Task details
Make an exact copy of every entry.

Data provided
┏━━

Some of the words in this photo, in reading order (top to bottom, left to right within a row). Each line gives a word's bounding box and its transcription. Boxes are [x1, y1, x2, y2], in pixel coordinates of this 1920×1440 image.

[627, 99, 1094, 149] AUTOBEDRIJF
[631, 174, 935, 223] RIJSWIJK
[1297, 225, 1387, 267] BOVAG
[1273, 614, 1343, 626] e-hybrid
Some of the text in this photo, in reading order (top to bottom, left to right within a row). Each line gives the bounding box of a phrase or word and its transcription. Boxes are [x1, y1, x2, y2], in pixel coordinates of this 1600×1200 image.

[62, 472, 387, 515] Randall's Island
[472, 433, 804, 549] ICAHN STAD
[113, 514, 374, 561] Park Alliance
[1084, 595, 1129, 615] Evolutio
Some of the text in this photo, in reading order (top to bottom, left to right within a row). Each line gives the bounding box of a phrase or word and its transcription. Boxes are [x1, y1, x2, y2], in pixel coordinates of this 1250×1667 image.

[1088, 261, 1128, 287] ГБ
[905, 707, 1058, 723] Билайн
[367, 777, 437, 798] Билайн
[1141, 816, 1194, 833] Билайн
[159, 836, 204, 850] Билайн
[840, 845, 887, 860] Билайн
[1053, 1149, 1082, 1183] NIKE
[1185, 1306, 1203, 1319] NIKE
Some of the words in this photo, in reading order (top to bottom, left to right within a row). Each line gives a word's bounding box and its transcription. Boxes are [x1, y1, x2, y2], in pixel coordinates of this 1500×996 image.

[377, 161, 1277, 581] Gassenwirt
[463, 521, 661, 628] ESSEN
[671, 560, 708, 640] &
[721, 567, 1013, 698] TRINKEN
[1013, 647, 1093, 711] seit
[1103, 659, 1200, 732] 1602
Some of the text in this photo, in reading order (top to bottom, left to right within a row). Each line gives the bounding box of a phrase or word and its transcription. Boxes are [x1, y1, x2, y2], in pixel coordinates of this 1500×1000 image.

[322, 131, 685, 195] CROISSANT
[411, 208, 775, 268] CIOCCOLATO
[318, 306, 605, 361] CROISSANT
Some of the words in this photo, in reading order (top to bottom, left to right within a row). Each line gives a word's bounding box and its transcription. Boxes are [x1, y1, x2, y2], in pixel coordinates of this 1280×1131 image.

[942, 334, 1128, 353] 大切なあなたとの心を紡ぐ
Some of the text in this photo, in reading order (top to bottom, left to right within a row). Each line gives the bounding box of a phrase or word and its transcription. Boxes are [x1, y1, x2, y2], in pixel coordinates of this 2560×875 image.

┗━━

Expected output
Some of the words in this photo, in reading order (top to bottom, left to right within a row). Each line gives a word's bounding box and its transcription. Boxes are [x1, y1, x2, y2], in pixel coordinates of this 1920×1440 image.

[627, 99, 1094, 149] AUTOBEDRIJF
[631, 174, 935, 223] RIJSWIJK
[1297, 225, 1387, 267] BOVAG
[1273, 614, 1343, 626] e-hybrid
Some of the text in this photo, in reading order (top to bottom, left to right within a row). Each line gives the bounding box of a phrase or word and its transcription. Boxes are [x1, y1, x2, y2], in pixel coordinates of this 1600×1200 image.

[62, 472, 387, 515] Randall's Island
[472, 433, 804, 549] ICAHN STAD
[113, 514, 374, 561] Park Alliance
[1084, 595, 1129, 615] Evolutio
Some of the text in this photo, in reading order (top to bottom, left to right within a row). Each line gives the bounding box of a phrase or word and its transcription. Boxes are [x1, y1, x2, y2], in pixel coordinates of this 1250×1667 image.

[1088, 261, 1128, 287] ГБ
[905, 707, 1058, 723] Билайн
[367, 777, 437, 798] Билайн
[1141, 816, 1194, 833] Билайн
[159, 836, 204, 850] Билайн
[840, 845, 887, 860] Билайн
[1053, 1149, 1082, 1183] NIKE
[1185, 1306, 1203, 1319] NIKE
Some of the words in this photo, in reading order (top to bottom, left to right within a row). Each line gives a word's bounding box and its transcription. Boxes are [x1, y1, x2, y2], in pixel coordinates of this 1500×996 image.

[377, 161, 1277, 581] Gassenwirt
[463, 521, 661, 628] ESSEN
[671, 560, 708, 640] &
[721, 567, 1013, 698] TRINKEN
[1013, 647, 1093, 711] seit
[1103, 659, 1200, 732] 1602
Some of the text in this photo, in reading order (top to bottom, left to right within a row). Each line gives the bounding box of a phrase or word and its transcription. Boxes are [x1, y1, x2, y2], in pixel coordinates of this 1500×1000 image.

[322, 131, 685, 195] CROISSANT
[411, 208, 775, 268] CIOCCOLATO
[318, 306, 605, 361] CROISSANT
Some of the words in this photo, in reading order (top to bottom, left to right within a row). Each line gives a word's bounding box and its transcription. Boxes are [x1, y1, x2, y2], in pixel coordinates of this 1280×1131 image.

[942, 334, 1128, 353] 大切なあなたとの心を紡ぐ
Some of the text in this photo, in reading order (top to bottom, left to right within a row). Each line gives the bounding box of a phrase or word and its transcription. Boxes are [x1, y1, x2, y2], in pixel coordinates of this 2560×875 image.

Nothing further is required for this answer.